**What the task asks:** Leave every picture out, then reproduce the rest of the listing exactly.

**Dataset records:**

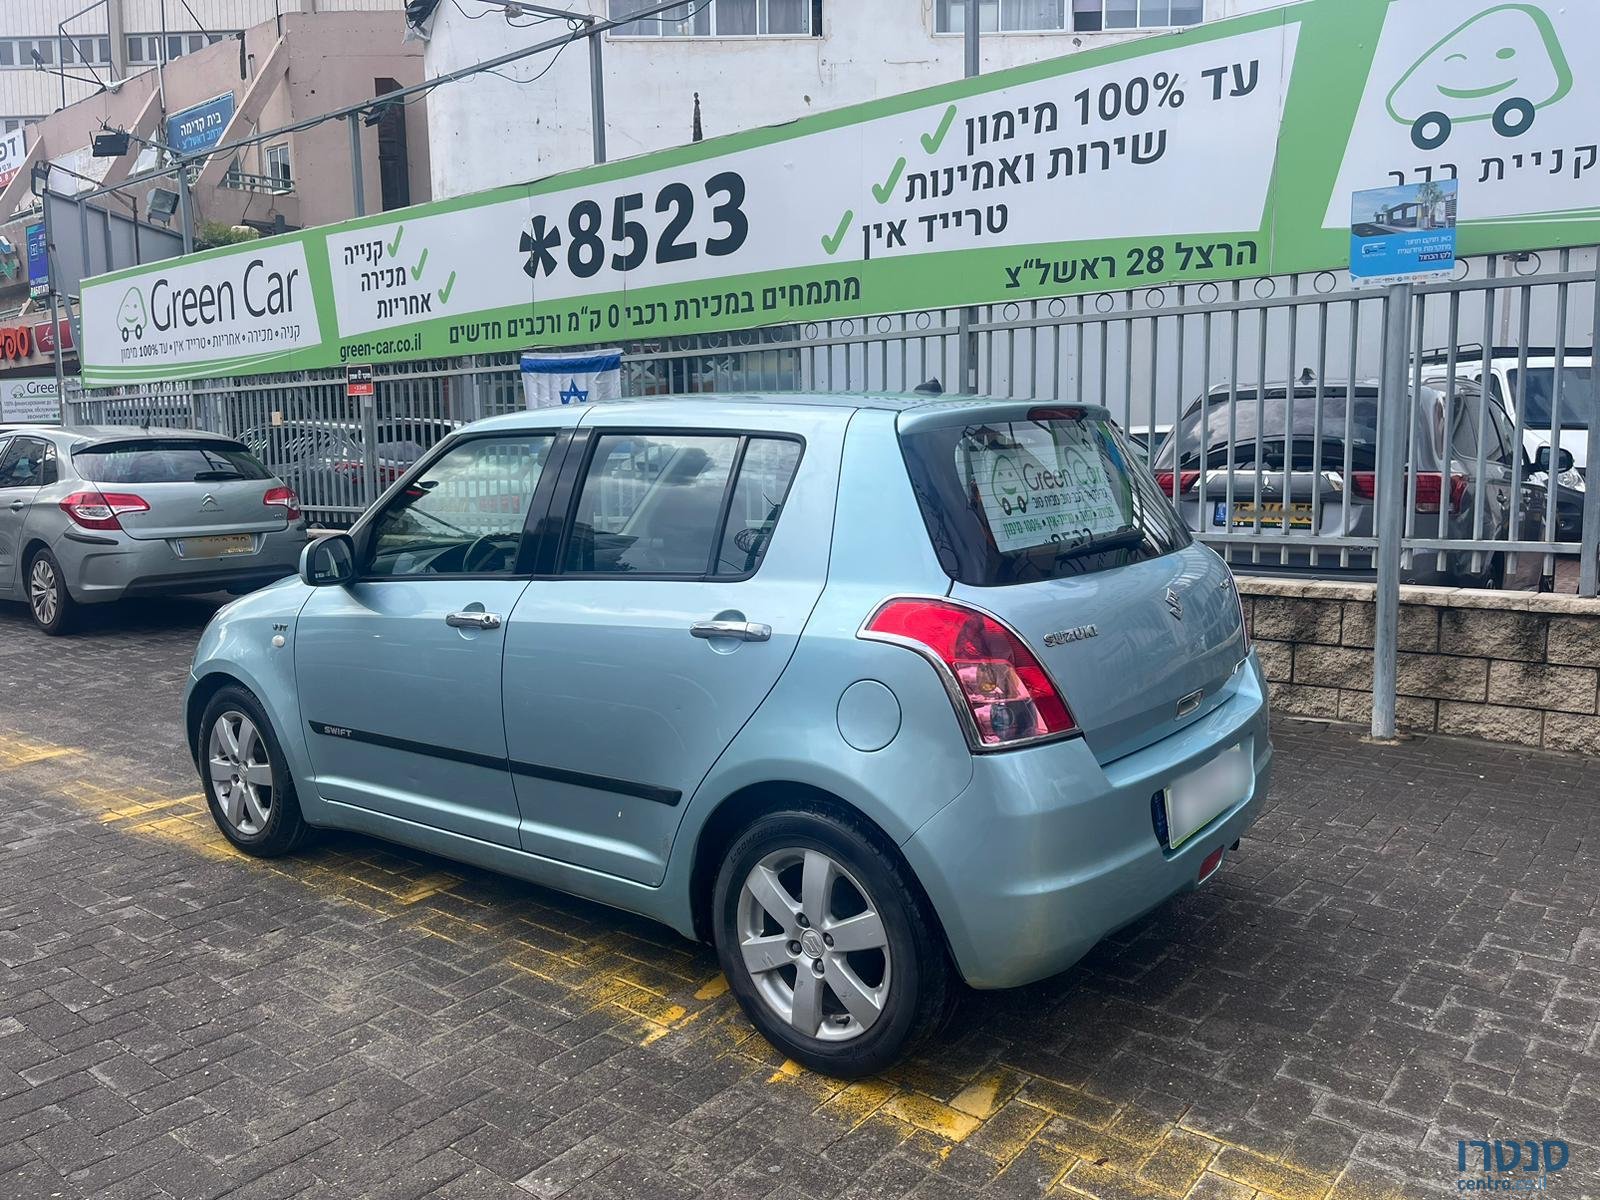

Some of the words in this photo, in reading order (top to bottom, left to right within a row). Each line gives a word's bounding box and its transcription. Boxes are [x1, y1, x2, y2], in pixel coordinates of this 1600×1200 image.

[1202, 59, 1259, 101] עד
[1074, 71, 1185, 126] 100%
[965, 100, 1058, 156] מימון
[1047, 129, 1167, 180] שירות
[1478, 144, 1598, 183] קניית
[905, 153, 1034, 202] ואמינות
[918, 203, 1009, 243] טרייד
[862, 218, 907, 260] אין
[344, 240, 384, 267] קנייה
[1126, 246, 1165, 276] 28
[1175, 239, 1257, 272] הרצל
[361, 266, 407, 292] מכירה
[151, 278, 236, 332] Green
[243, 259, 299, 318] Car
[377, 293, 432, 320] אחריות
[674, 290, 754, 322] במכירת
[762, 276, 861, 310] מתמחים
[507, 314, 561, 338] ורכבים
[608, 303, 620, 328] 0
[625, 302, 668, 326] רכבי
[186, 337, 206, 350] טרייד
[212, 332, 241, 348] אחריות
[248, 329, 274, 344] מכירה
[281, 325, 301, 342] קניה
[449, 321, 502, 344] חדשים
[140, 344, 159, 357] 100%
[159, 343, 168, 354] עד
[173, 341, 184, 357] אין
[340, 332, 422, 362] green-car.co.il
[1023, 463, 1073, 491] Green
[1043, 624, 1098, 648] SUZUKI
[324, 726, 353, 738] SWIFT

**Answer space:**
Some of the words in this photo, in reading order (top to bottom, left to right within a row). Each line gives a word's bounding box and its transcription. Boxes are [x1, y1, x2, y2], in pixel coordinates of this 1600×1200 image.

[1202, 59, 1259, 101] עד
[1074, 71, 1185, 126] 100%
[965, 100, 1058, 156] מימון
[1047, 129, 1167, 180] שירות
[1478, 144, 1598, 183] קניית
[905, 153, 1034, 202] ואמינות
[918, 203, 1009, 243] טרייד
[862, 218, 907, 260] אין
[344, 240, 384, 267] קנייה
[1126, 246, 1165, 276] 28
[1175, 239, 1257, 272] הרצל
[361, 266, 407, 292] מכירה
[151, 278, 236, 332] Green
[243, 259, 299, 318] Car
[377, 293, 432, 320] אחריות
[674, 290, 754, 322] במכירת
[762, 276, 861, 310] מתמחים
[507, 314, 561, 338] ורכבים
[608, 303, 620, 328] 0
[625, 302, 668, 326] רכבי
[186, 337, 206, 350] טרייד
[212, 332, 241, 348] אחריות
[248, 329, 274, 344] מכירה
[281, 325, 301, 342] קניה
[449, 321, 502, 344] חדשים
[140, 344, 159, 357] 100%
[159, 343, 168, 354] עד
[173, 341, 184, 357] אין
[340, 332, 422, 362] green-car.co.il
[1023, 463, 1073, 491] Green
[1043, 624, 1098, 648] SUZUKI
[324, 726, 353, 738] SWIFT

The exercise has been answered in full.